Squire was one of two boys and four puppies born to my Shiloh. From the moment he was born I knew he was something special. I don’t say that often. He had incredible substance and the most gorgeous head I’ve ever seen on a puppy so young. As he opened his eyes and began to stand on his feet, he was always the puppy who seemed to say “Me! Look at me!” And I did. He was at home in my arms until he was too big too hold. How he loved to sink into my embrace and just stare at me with his big, expressive eyes. Fifteen years later, there are some things I will never forget.
As he grew, he fulfilled every promise I saw in him as a baby. He was big, powerful and beautifully put together. His light blonde coloring gave him a forever-puppy look that completed a stunning picture.
Like his mother, Shiloh, Squire loved the show ring. His excitement was infectious as we went through the rigors of bathing and grooming and blow-drying. He knew the pay-off of that routine: liver, treats, showing off, winning ribbons. His tail would wag with a speed that would shake his body and make judging him a hardship (and a joy!) for the judges. Like his mother, we had an incredible connection in the ring. He made me look good, but nobody could make him look better.
Squire never asked for much. He was an incredibly easy dog to live with. He was a food-whore and never missed a meal until the last weeks of his life. He loved everyone and never met a dog he didn’t like. He was everything a Golden Retriever should be and so much more.

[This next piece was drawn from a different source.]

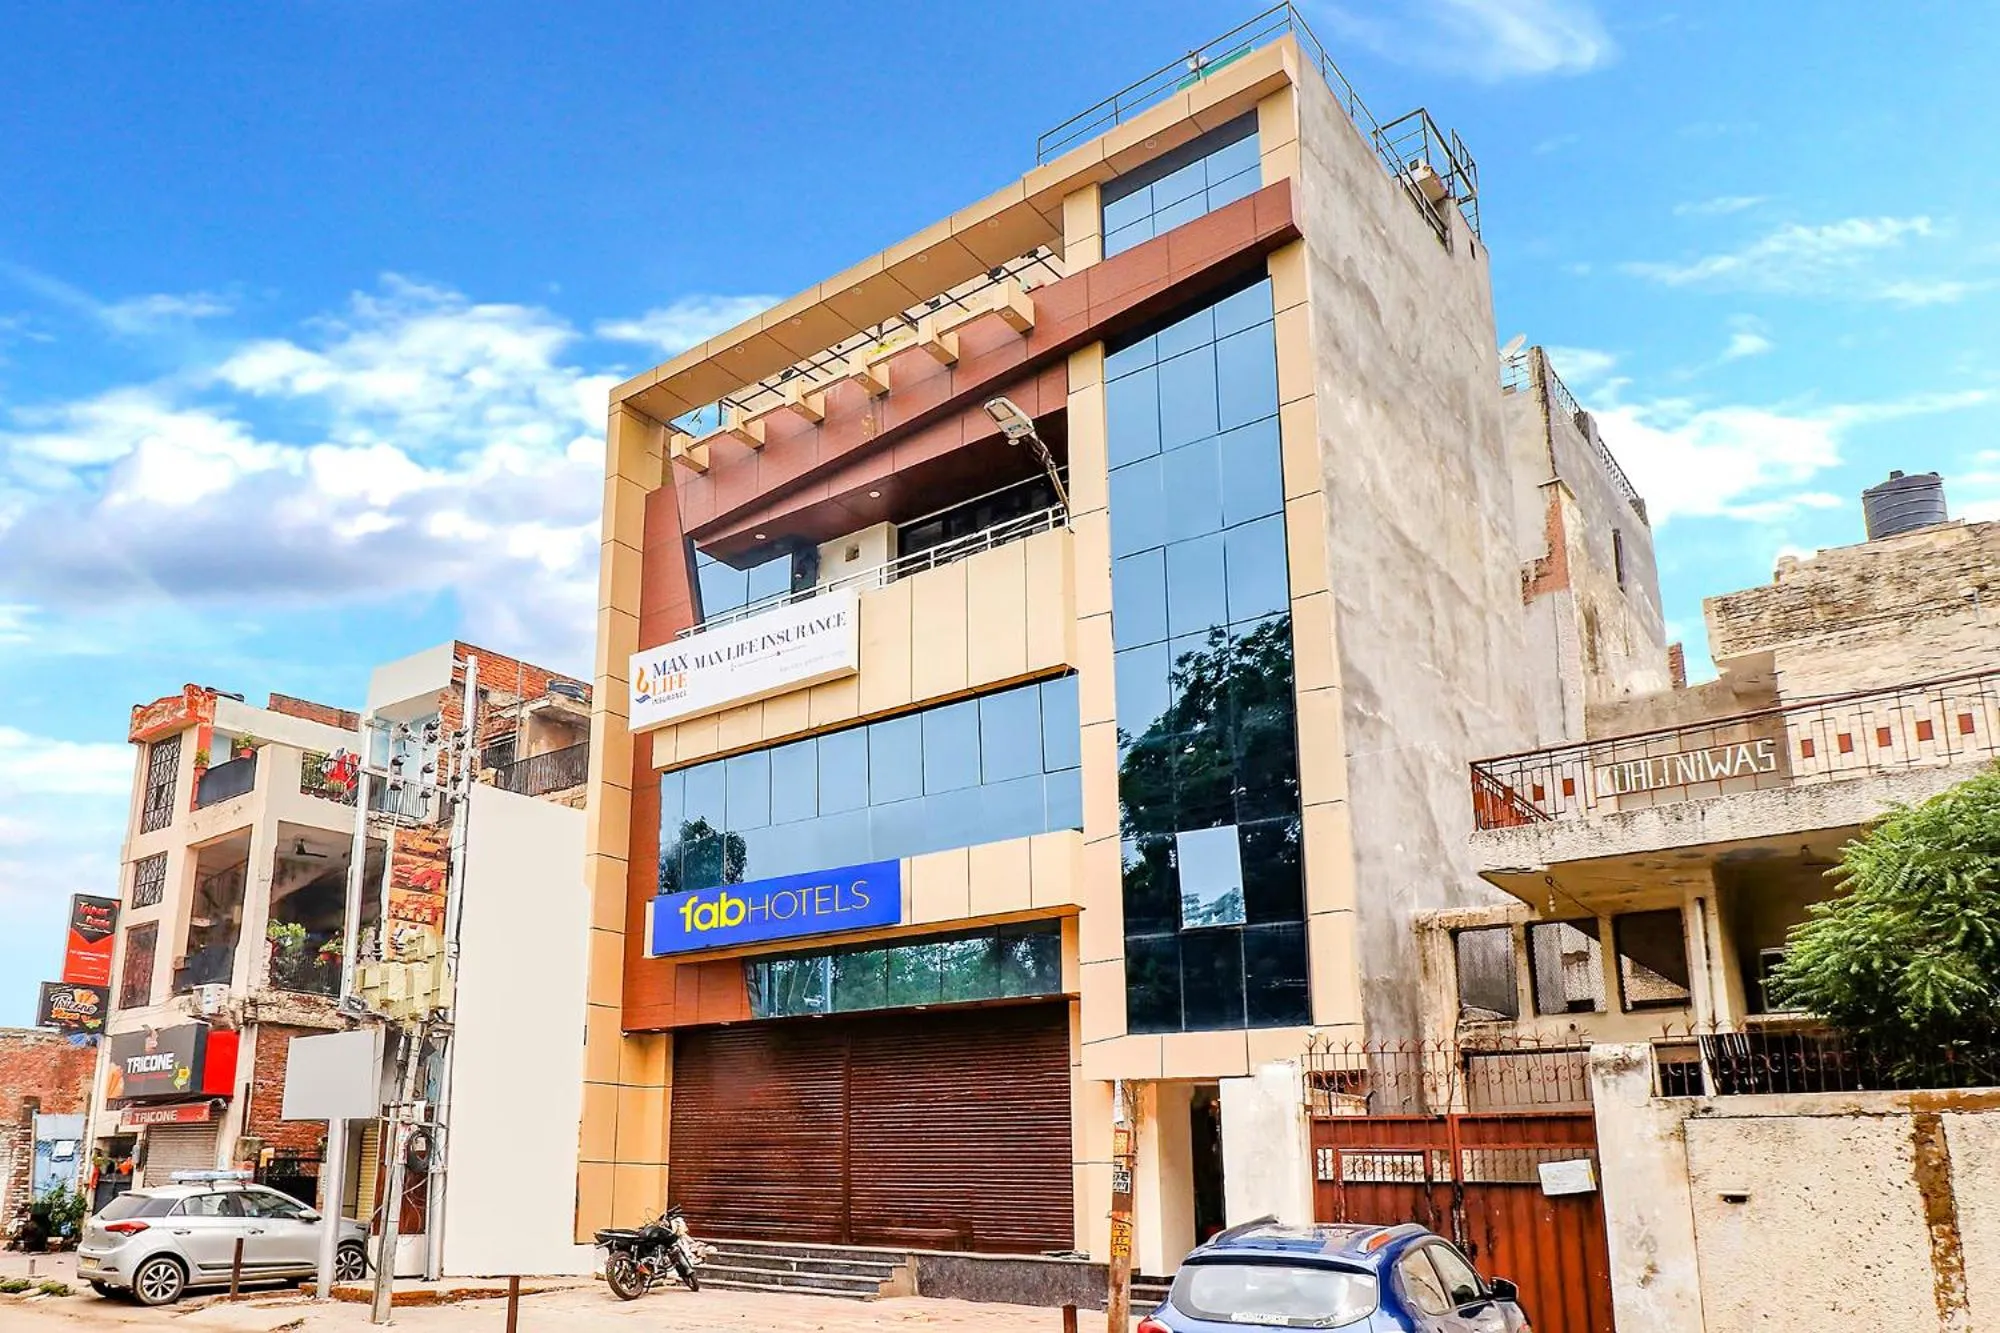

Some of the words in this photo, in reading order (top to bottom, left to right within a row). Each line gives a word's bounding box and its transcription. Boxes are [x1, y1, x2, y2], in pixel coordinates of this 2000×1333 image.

Life for Squire was just one moment of happiness followed by another and another and another until I found the melanoma between the pads of his front paw. It looked like a wart, but the biopsy said otherwise. The tumor was excised, chemo administered but a second tumor appeared a few weeks later inches away from the first. Same drill for the second tumor with a better outcome. It was six months before the cancer returned, this time with a visible vengeance.
I'm a realist and know how lucky I’ve been to have had so many Golden Retrievers live to 14, 15 and nearly 16. But losing each one breaks my heart. Squire never let the cancer slow him down despite the ravages of his paw and the terrible growths up his leg. He wasn’t in pain; he hobbled over to meet me for a treat and barked at the sleeping crew of dogs when he wanted the comforts of a bed and they were occupied. Of course nobody listened, but Squire always got his bed.
The last weeks of his life were so difficult. I knew the time we had together was fading. I also knew I would have to make the final decision. His decline was swift, devastating and heartbreaking. The boy who loved food, no longer ate. A small bite of a biscuit was a cause for celebration. He slept most of the day and needed help navigating the few stairs to the outside. The nearly two feet of snow that fell in a blizzard nobody wanted was an unexpected challenge for both of us.
When the weather cooperated we would sit outside and he would sleep in the winter sun. We had countless one-sided conversations as I tried to embrace my future without him. He was a great listener and I loved that time we had together.
On March 23rd, Squire struggled to lift his head. The expression in his eyes was nothing more than exhaustion. We had one more one-sided conversation as we waited for the vet to come to the house to let him go. People always ask me how I know when it is time; Squire let me know.
I buried Squire next to his sister, Scout. I dug his grave weeks before when the earth warmed during a February thaw. The view out my kitchen window of a pile of dirt was a constant reminder that I was losing my boy.
Loving a dog is so easy but finite. I would never trade so many years of joy to avoid the grief of those final days. Chelsea, Savannah, Shiloh, Skye, Shane, Stormy, Sailor, Summer 1 & 2, Scout, Squire, Simon, Shelby and Daisy. Their pictures adorn my walls and their ribbons could stretch for miles. They have defined my life and who I am as a person. Their memories will never fade.